How to refinish an old table

I’ve been unhappy with my home office set up for a while. The biggest issue has been the desk space. It just hasn’t been cutting it for me. I had a table that I could use instead of the desk I was using, but it was in pretty bad shape. So I took on a project – refinish the table! And I did it with only $5 and in 30 minutes!

table before-after

Here’s my office space with the original desk. This desk was designed to have a drawer underneath for the keyboard, and a monitor towards the back of the desk. But since I have a laptop instead of a desktop computer, it really wasn’t working for me. I ended up with the computer at the front of the desk and a lot of wasted space at the back.

office space before
I’ve had this table sitting out in the garage for a while. It’s plenty big and sturdy, but it’s been well used… and the top wasn’t in very good shape.

table before
There are plenty of dings and scratches on the top.

table scratches before
And the edges were pretty beat up. These rough edges caught plenty of cat hair, and were snagging my sleeves. Not good.

table edge before
So I spent a whopping $5 on some white contact paper, and off I went!

white contact paper
Measure out the length of contact paper you will need to cover the table.
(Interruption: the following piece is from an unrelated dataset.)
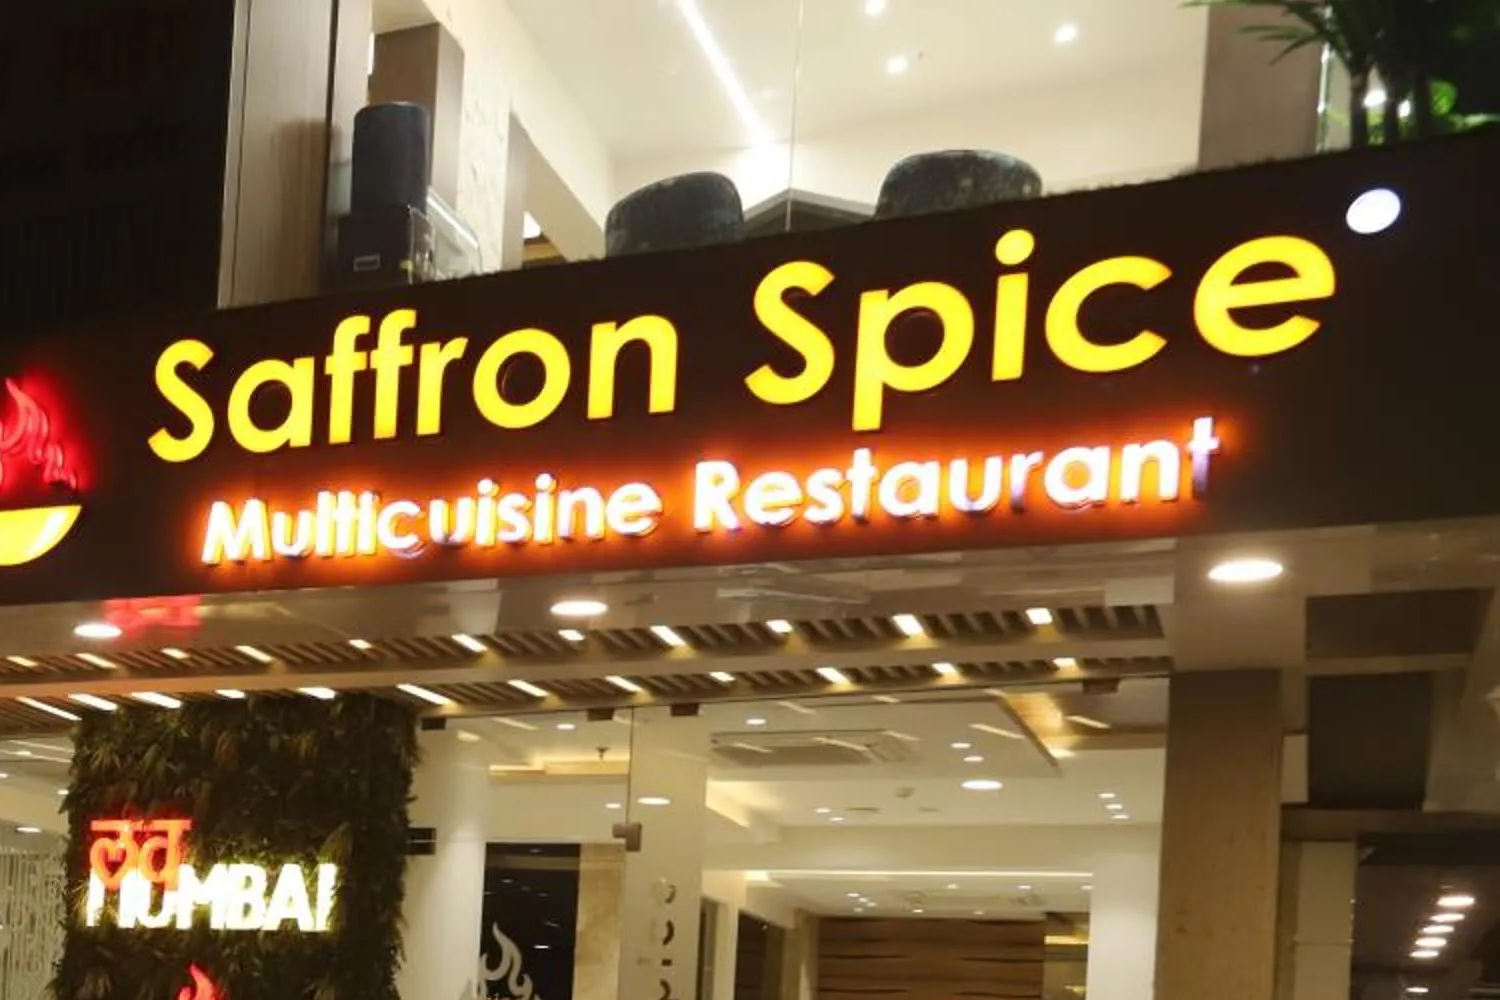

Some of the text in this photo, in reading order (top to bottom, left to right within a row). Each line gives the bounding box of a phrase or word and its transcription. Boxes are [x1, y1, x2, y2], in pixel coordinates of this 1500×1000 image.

step 1 measure paper to fit table
Follow the gridlines on the back to make sure you cut it straight. Cut your length to fit, and flip it over so the backing side is down.

step 2 cut paper to length of table
Start at one corner, and peel the backing off slowly. Use your hands (or a book) to press the contact paper down on the top of the table and push out any air bubbles that get caught. Work 6-12 inches at a time, rather than pulling off the entire backing at once.

step 3 peel backing
Then it’s time for the corners. I made a slit with the scissors, and wrapped the edges around the corner of the table.

step 4 cut corners
Stick one side down, the wrap the other side around to completely cover the corner. Cutting the edges like this makes for a little neater corner than wrapping it like a package, but do whichever works best for you.

step 5 wrap corners
Use your hand to smooth the edges of the contact paper over the edge of the table. Work by pressing the paper over the edge and around the corner. Do not slide your hand down the length of the table, or you will get wrinkles in the paper.

step 6 smooth edges
I put my contact paper on a little crooked, so this edge of the table didn’t quite get covered. This edge of the table is going against the wall, so it didn’t really matter for me. If it’s more crooked than you like, you can peel the contact paper back up and it will stick right back down again.

uneven back edge
I had planned to wrap the contact paper around the bottom of the table, but found out that it doesn’t really stick to the particle board-type bottom of the table.

not stick to particle board
So I just trimmed the edges to fit to the bottom of the outer edge of the table.

step 7 trim edges
This table needed two lengths of the contact paper. Once the first length was in place and stuck down, I repeated the same on the second length.

step 8 repeat with second strip
I did the corners the same way, and finished by trimming the edges of the paper to the edges of the table.

step 9 trim edges
It took a total of about 30 minutes to turn this beat-up, not-so-pretty table into a functional, not-so-ugly workspace. And I have plenty of contact paper left over!

table after
Here’s the before and after again.

table before-after
Add back my laptop, frequently used books, planner, and a lamp, and I was back at work!

office space after
Contact paper comes in plenty of colors and designs. I wanted a white work space, and will decorate with color around the room. But I did think about zebra stripes! These kinds of patterns would be great for a kids table, or for a smaller piece.

And the best thing about the contact paper? If it starts to peel, or you get finished doodling on it, or you just want to change it again, all you need to do it peel it off and stick a new design on!

Where can you use contact paper to dress up something old?